The “Mactans charger” is actually a small computer masquerading as a charger. When a user plugs an iOS device’s into its USB port, the device can transfer malware to the phone in under a minute. Once infected, the attacker can swap out your legitimate apps with malicious ones that can take control of your device.
At a press conference ahead of their Black Hat presentation, Billy Lau, Yeongjin Jang and Chengyu Song showed reporters how quickly the device could connect to the phone and replace the phone’s legitimate Facebook app with a rogue app. The user does have to enter the password if the phone is protected and not active but the phone doesn’t have to be jail broken.

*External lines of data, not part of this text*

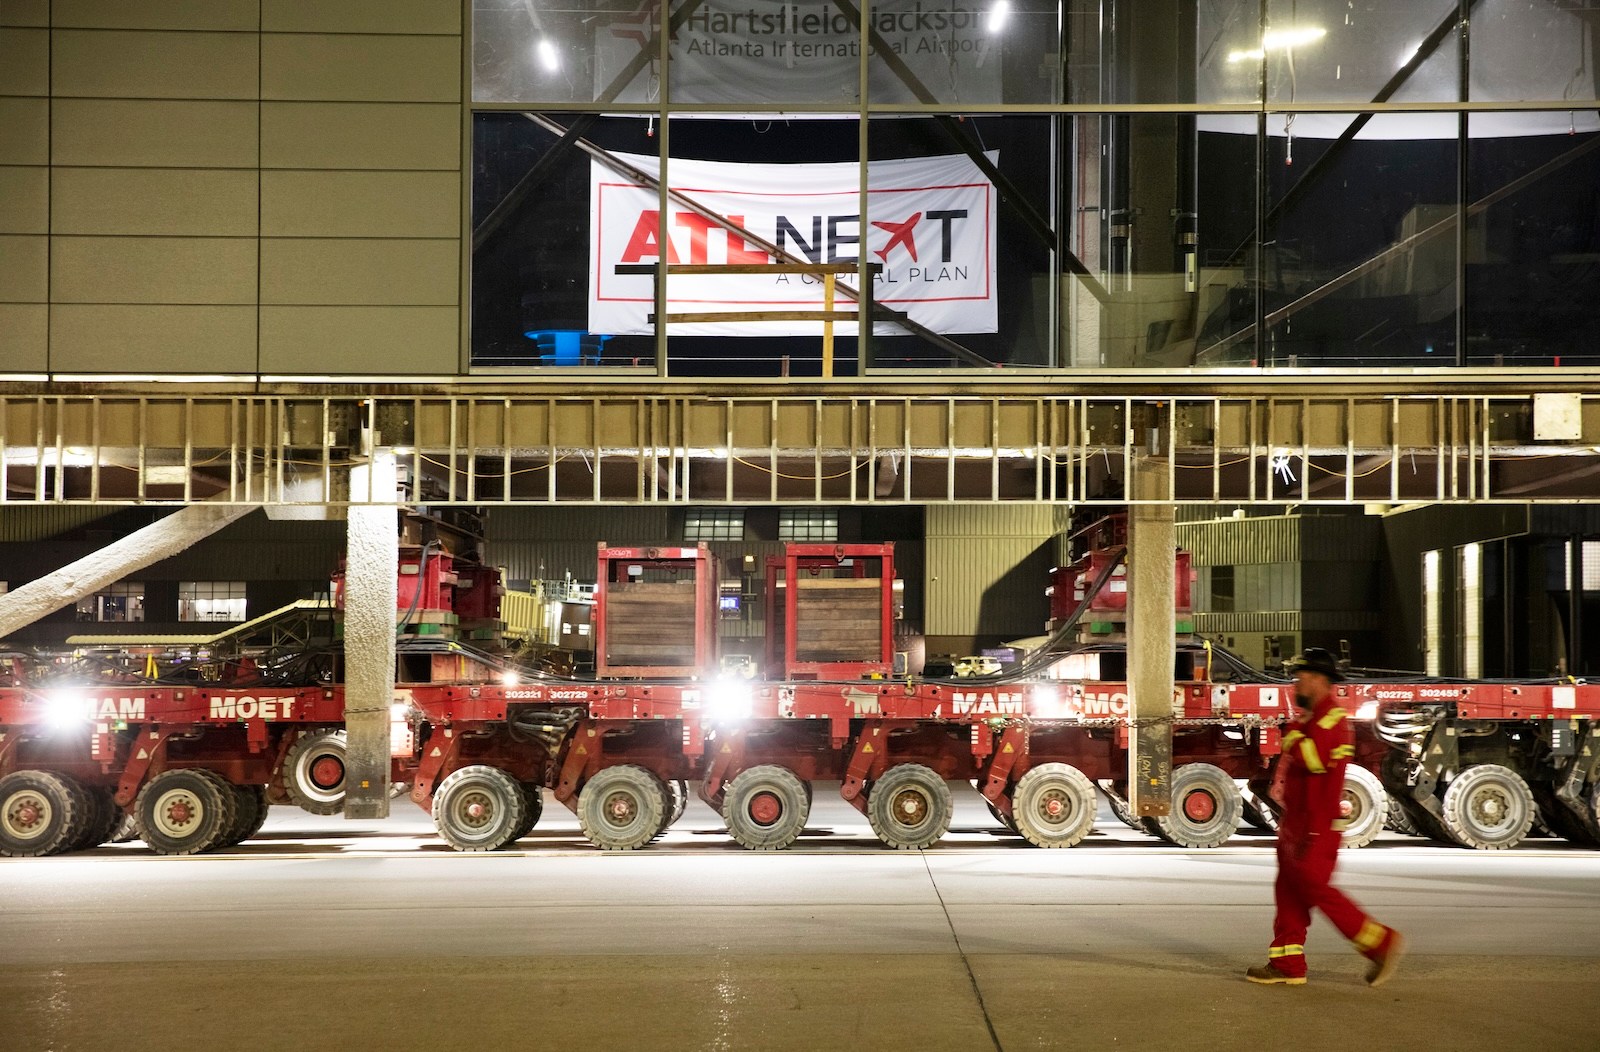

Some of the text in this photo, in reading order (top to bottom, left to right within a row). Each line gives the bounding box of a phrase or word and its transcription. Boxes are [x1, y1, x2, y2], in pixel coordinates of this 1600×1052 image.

[686, 37, 990, 58] Atlanta Internatial Airpor
[775, 266, 968, 285] A CPIAL PLAN
[505, 690, 588, 699] 302321 302729
[953, 692, 1130, 714] MAM MO
[210, 696, 295, 719] MOET
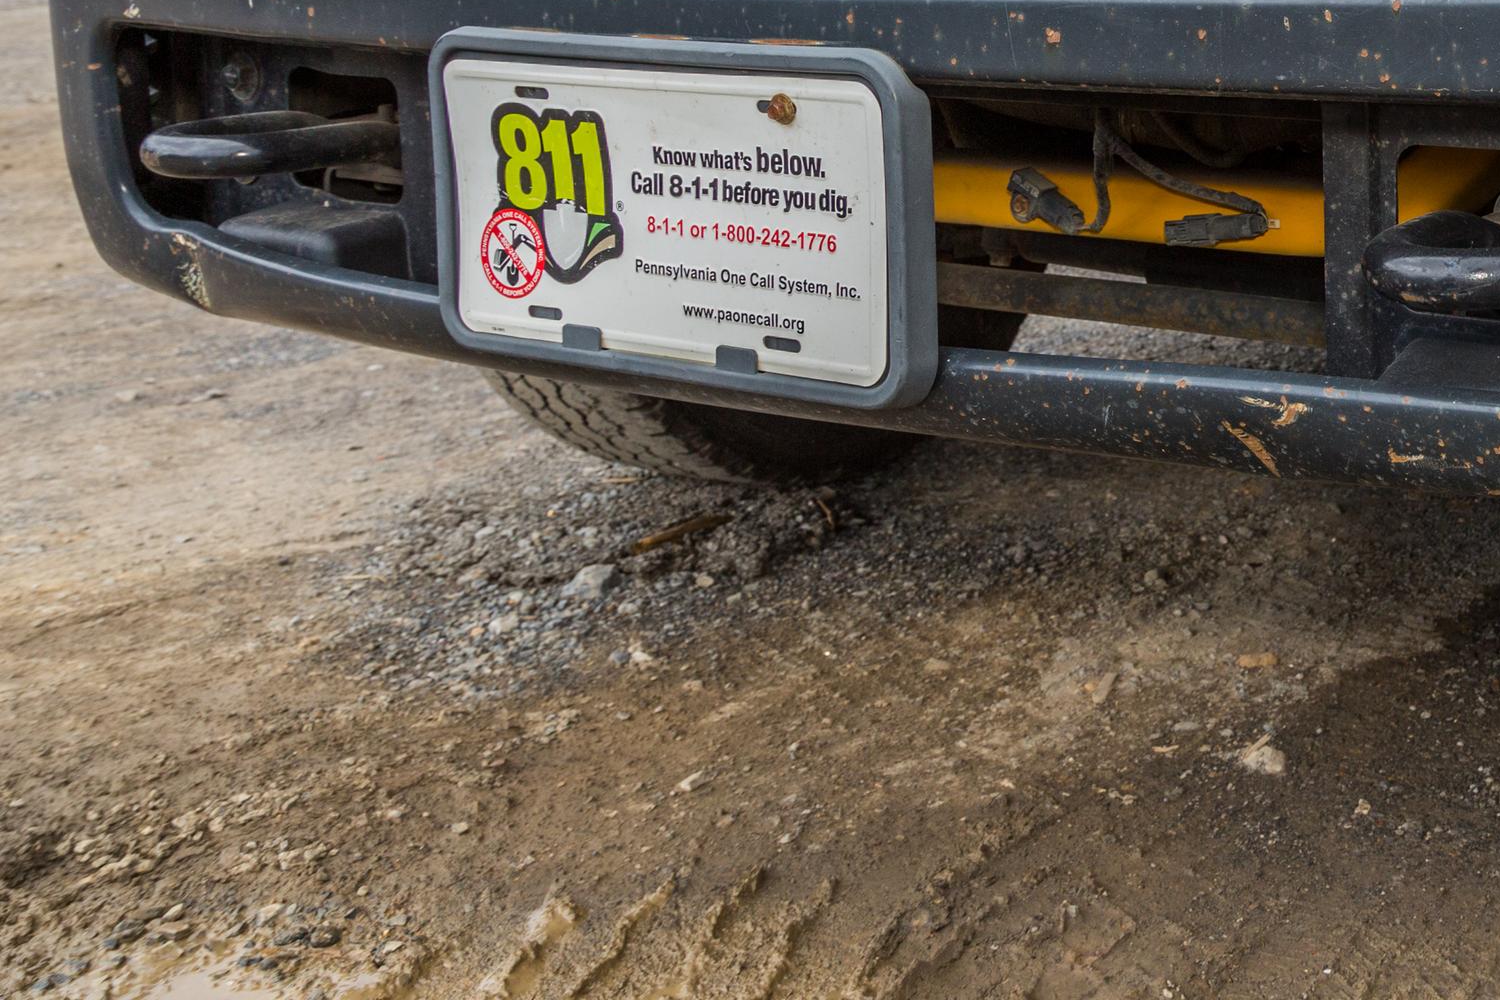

It works on current generation iOS devices.
Apple said that it has fixed the problem in its upcoming iOS 7 operating system, which will be released this fall, with a warning to the user to be sure they are using a trusted charger.
The researchers pointed out their Mactans rogue charger “was built with limited amount of time and a small budget,” but that its worth considering what ” more motivated, well-funded adversaries could accomplish.”
The Black Hat conference, which runs Wednesday and Thursday in Las Vegas, is where security researchers (some call the “hackers”) demonstrate flaws so that companies can fix any holes, hopefully, before they are exploited by criminals.